= Exercise instructions =
Please output each entry exactly as it appears.

= Supplied records =
* * * *
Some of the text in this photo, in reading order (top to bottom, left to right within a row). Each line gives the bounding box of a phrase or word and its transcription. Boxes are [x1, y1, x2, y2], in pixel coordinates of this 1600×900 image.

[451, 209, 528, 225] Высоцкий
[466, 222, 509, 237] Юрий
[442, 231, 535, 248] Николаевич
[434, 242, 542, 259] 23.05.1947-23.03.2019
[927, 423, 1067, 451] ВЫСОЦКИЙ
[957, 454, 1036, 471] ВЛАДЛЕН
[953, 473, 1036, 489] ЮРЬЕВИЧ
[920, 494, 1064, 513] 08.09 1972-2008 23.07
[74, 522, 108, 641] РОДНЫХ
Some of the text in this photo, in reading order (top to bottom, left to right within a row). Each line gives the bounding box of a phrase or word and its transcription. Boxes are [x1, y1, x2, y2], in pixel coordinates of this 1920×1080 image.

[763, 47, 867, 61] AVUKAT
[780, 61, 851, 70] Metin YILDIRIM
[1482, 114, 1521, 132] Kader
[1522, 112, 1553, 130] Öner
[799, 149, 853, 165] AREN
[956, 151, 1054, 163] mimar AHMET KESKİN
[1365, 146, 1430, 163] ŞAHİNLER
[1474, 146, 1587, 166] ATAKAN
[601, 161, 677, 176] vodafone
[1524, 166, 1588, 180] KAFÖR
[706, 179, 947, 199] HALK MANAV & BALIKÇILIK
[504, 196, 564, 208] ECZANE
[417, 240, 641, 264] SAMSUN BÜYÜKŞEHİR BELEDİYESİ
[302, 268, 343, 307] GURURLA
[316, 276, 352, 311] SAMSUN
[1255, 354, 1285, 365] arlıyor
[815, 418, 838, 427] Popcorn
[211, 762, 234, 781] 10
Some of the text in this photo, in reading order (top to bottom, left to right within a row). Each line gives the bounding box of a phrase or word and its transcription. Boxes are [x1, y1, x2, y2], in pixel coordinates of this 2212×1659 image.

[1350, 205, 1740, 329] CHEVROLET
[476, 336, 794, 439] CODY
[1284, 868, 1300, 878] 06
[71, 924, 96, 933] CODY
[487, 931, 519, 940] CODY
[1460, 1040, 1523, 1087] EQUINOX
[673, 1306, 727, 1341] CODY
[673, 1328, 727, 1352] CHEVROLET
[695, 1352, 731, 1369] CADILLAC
* * * *
= Exercise response =
Some of the text in this photo, in reading order (top to bottom, left to right within a row). Each line gives the bounding box of a phrase or word and its transcription. Boxes are [x1, y1, x2, y2], in pixel coordinates of this 1600×900 image.

[451, 209, 528, 225] Высоцкий
[466, 222, 509, 237] Юрий
[442, 231, 535, 248] Николаевич
[434, 242, 542, 259] 23.05.1947-23.03.2019
[927, 423, 1067, 451] ВЫСОЦКИЙ
[957, 454, 1036, 471] ВЛАДЛЕН
[953, 473, 1036, 489] ЮРЬЕВИЧ
[920, 494, 1064, 513] 08.09 1972-2008 23.07
[74, 522, 108, 641] РОДНЫХ
Some of the text in this photo, in reading order (top to bottom, left to right within a row). Each line gives the bounding box of a phrase or word and its transcription. Boxes are [x1, y1, x2, y2], in pixel coordinates of this 1920×1080 image.

[763, 47, 867, 61] AVUKAT
[780, 61, 851, 70] Metin YILDIRIM
[1482, 114, 1521, 132] Kader
[1522, 112, 1553, 130] Öner
[799, 149, 853, 165] AREN
[956, 151, 1054, 163] mimar AHMET KESKİN
[1365, 146, 1430, 163] ŞAHİNLER
[1474, 146, 1587, 166] ATAKAN
[601, 161, 677, 176] vodafone
[1524, 166, 1588, 180] KAFÖR
[706, 179, 947, 199] HALK MANAV & BALIKÇILIK
[504, 196, 564, 208] ECZANE
[417, 240, 641, 264] SAMSUN BÜYÜKŞEHİR BELEDİYESİ
[302, 268, 343, 307] GURURLA
[316, 276, 352, 311] SAMSUN
[1255, 354, 1285, 365] arlıyor
[815, 418, 838, 427] Popcorn
[211, 762, 234, 781] 10
Some of the text in this photo, in reading order (top to bottom, left to right within a row). Each line gives the bounding box of a phrase or word and its transcription. Boxes are [x1, y1, x2, y2], in pixel coordinates of this 2212×1659 image.

[1350, 205, 1740, 329] CHEVROLET
[476, 336, 794, 439] CODY
[1284, 868, 1300, 878] 06
[71, 924, 96, 933] CODY
[487, 931, 519, 940] CODY
[1460, 1040, 1523, 1087] EQUINOX
[673, 1306, 727, 1341] CODY
[673, 1328, 727, 1352] CHEVROLET
[695, 1352, 731, 1369] CADILLAC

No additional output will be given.